What they expect me to do?
Substitute x with spherical coorindates? How would I know it's not written in cylindrical coorinates? That also utilize r as a variable.
 
anuttarasammyak said:
What is the relation between r and x,y,z ? Why don't you write it down to calculate partial differentiations ?
(Hint) The formula of sphere of radius r.
 
$$\frac{df}{dr}(\frac{\partial r}{\partial x}, \frac{\partial r}{\partial y}, \frac{\partial r}{\partial z}) =$$
$$3r^2 (cos(u)sin(v), sin(u)sin(v), cos(u))$$
That really doesn't simplify anything.
 
It is pretty standard to use ##r## to denote the magnitude of the position vector.

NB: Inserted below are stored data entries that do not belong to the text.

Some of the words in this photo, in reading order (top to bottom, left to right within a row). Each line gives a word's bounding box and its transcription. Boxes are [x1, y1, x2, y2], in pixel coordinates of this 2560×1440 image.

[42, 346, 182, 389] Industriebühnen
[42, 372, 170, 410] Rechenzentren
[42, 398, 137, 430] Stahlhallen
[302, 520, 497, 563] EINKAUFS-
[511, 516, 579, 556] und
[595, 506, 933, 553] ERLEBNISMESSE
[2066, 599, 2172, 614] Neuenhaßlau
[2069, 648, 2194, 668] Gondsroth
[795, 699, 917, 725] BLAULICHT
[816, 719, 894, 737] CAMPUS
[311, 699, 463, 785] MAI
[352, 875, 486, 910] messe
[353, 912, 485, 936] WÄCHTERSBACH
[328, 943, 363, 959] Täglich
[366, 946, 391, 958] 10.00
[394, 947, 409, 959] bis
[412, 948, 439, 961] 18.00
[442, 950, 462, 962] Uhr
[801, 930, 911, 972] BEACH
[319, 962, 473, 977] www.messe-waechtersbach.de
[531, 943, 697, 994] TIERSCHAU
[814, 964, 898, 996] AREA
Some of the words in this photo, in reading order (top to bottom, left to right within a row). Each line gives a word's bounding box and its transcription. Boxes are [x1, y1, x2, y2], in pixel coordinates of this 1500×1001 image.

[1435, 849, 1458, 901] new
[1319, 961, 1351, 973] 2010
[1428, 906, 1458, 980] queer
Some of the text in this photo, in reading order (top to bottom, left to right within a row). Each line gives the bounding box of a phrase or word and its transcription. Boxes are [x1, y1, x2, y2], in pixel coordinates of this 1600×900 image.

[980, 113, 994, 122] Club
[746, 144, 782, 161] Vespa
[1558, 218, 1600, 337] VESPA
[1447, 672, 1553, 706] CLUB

In other words, what is the magnitude of ##(x,y,z)##?
 
  • Like
Likes PhDeezNutz and topsquark
You should also note that using ##\cdot## should be reserved for inner products in order to avoid confusion. Do not use it to denote regular scalar multiplication (for which the typical standard is to not write any symbol at all, ie, denote scalar multiplication as ##ab## rather than ##a\cdot b##).
 
  • Like
Likes topsquark and Addez123
  • #10
Addez123 said:
$$\frac{df}{dr}(\frac{\partial r}{\partial x}, \frac{\partial r}{\partial y}, \frac{\partial r}{\partial z}) =$$
$$3r^2 (cos(u)sin(v), sin(u)sin(v), cos(u))$$
That really doesn't simplify anything.
Take it easy. It is not helpful to introduce new paratemers u, v when we think of partial differentiation of r wrt parameters x, y and z.
anuttarasammyak said:
(Hint) The formula of sphere of radius r.
(Hint) r^2=...
 
  • Like
Likes WWGD, Addez123 and topsquark
  • #11
$$r^2 = x^2 + y ^ 2 + z ^2$$
but i don't see any use of that equation here..
 
  • #12
Take a differentiation of it
2rdr=..
 
  • Like
Likes Addez123 and topsquark
  • #13
$$r^2 \frac{d}{dr} = 2r = 2(cos(u)sin(v), sin(u)sin(v), cos(u))$$
?
 
  • #14
Your RHS is a vector which cannot be. You do not seem to be accostomed to differentiation.
d(r^2)=2rdr
So d(x^2)=... ?
d(r^2)=d(x^2+y^2+z^2)=...?
 
  • Like
Likes Addez123 and topsquark
  • #15
anuttarasammyak said:
Your RHS is a vector which cannot be
isn't r a vector? Then it's derivative will also be vector, right?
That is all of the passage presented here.